色を抜く場合でも真っ白に抜けるわけではないため、少し濃い目の方が綺麗に染め上がるためです。
また、色がついているために見えなかったシミやヤケなどが、地色を薄くすることで見えてしまう場合もあります。
柄のあるきものに色をかける
続いて、附下や小紋など、柄のあるきものに色をかけることもできます。
小紋など全体柄の場合、柄だけ染まらないようにして地色を変えるのは不可能です。また、附下などで柄ふせできるけど、柄自体が派手な場合に行います。
作業としては無地のきものの染め直しとだいたい同じにはなりますが、無地のきものと比べて元々の柄の配色などを考慮する必要があり、色を選ぶ上で最も難しい染め直しでもあります。
薄いクリーム色に赤を中心とした花柄が染められている附下を地味にしたいとお持ちになった方の事例です。
地色と柄の色との差があるほど派手になるため、このように上から一色かけるだけで、全体としてかなり落ち着いた印象になります。

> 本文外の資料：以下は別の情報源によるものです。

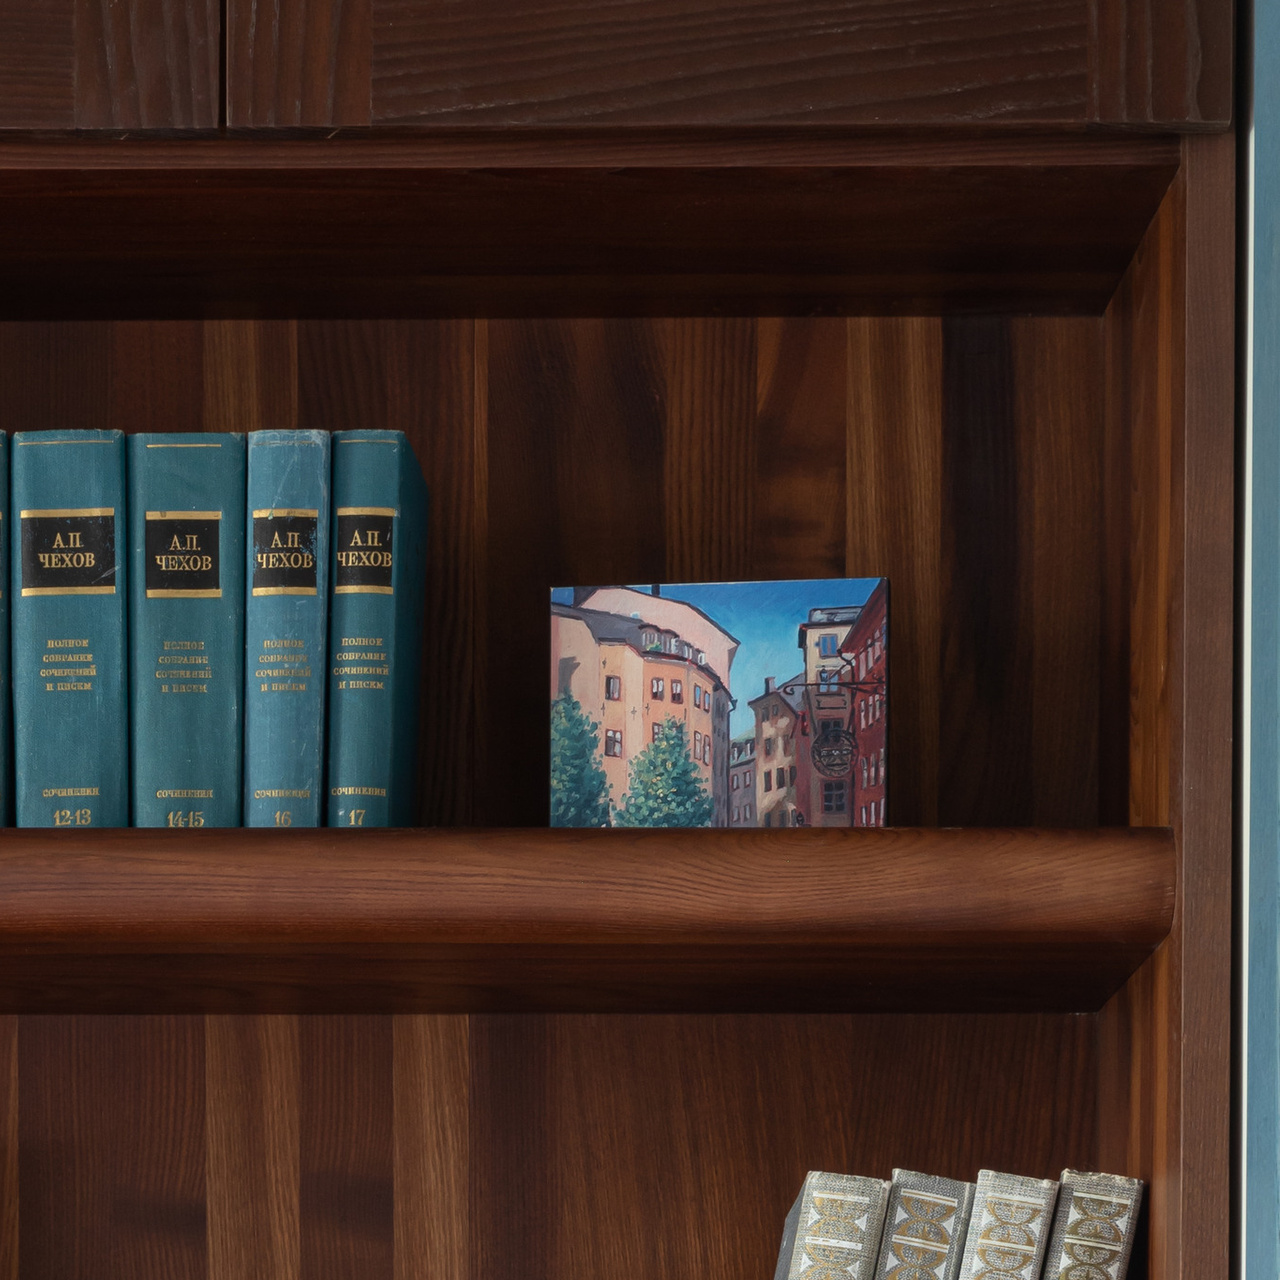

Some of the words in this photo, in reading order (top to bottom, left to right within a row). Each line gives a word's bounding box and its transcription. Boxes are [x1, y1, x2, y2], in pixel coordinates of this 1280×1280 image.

次に説明する柄活かしの染め直しよりは手間がかからないため、費用も抑えられるメリットがあります。
柄のあるきものの地色だけを染め直す
附下や色留袖などで、柄には色をかけずに地色のみ変えたい場合に行います。
柄に染料がかからないように、柄をすべて糊でふせ、地色のみを刷毛で染めていきます。
3つの中で最も手間がかかる作業です。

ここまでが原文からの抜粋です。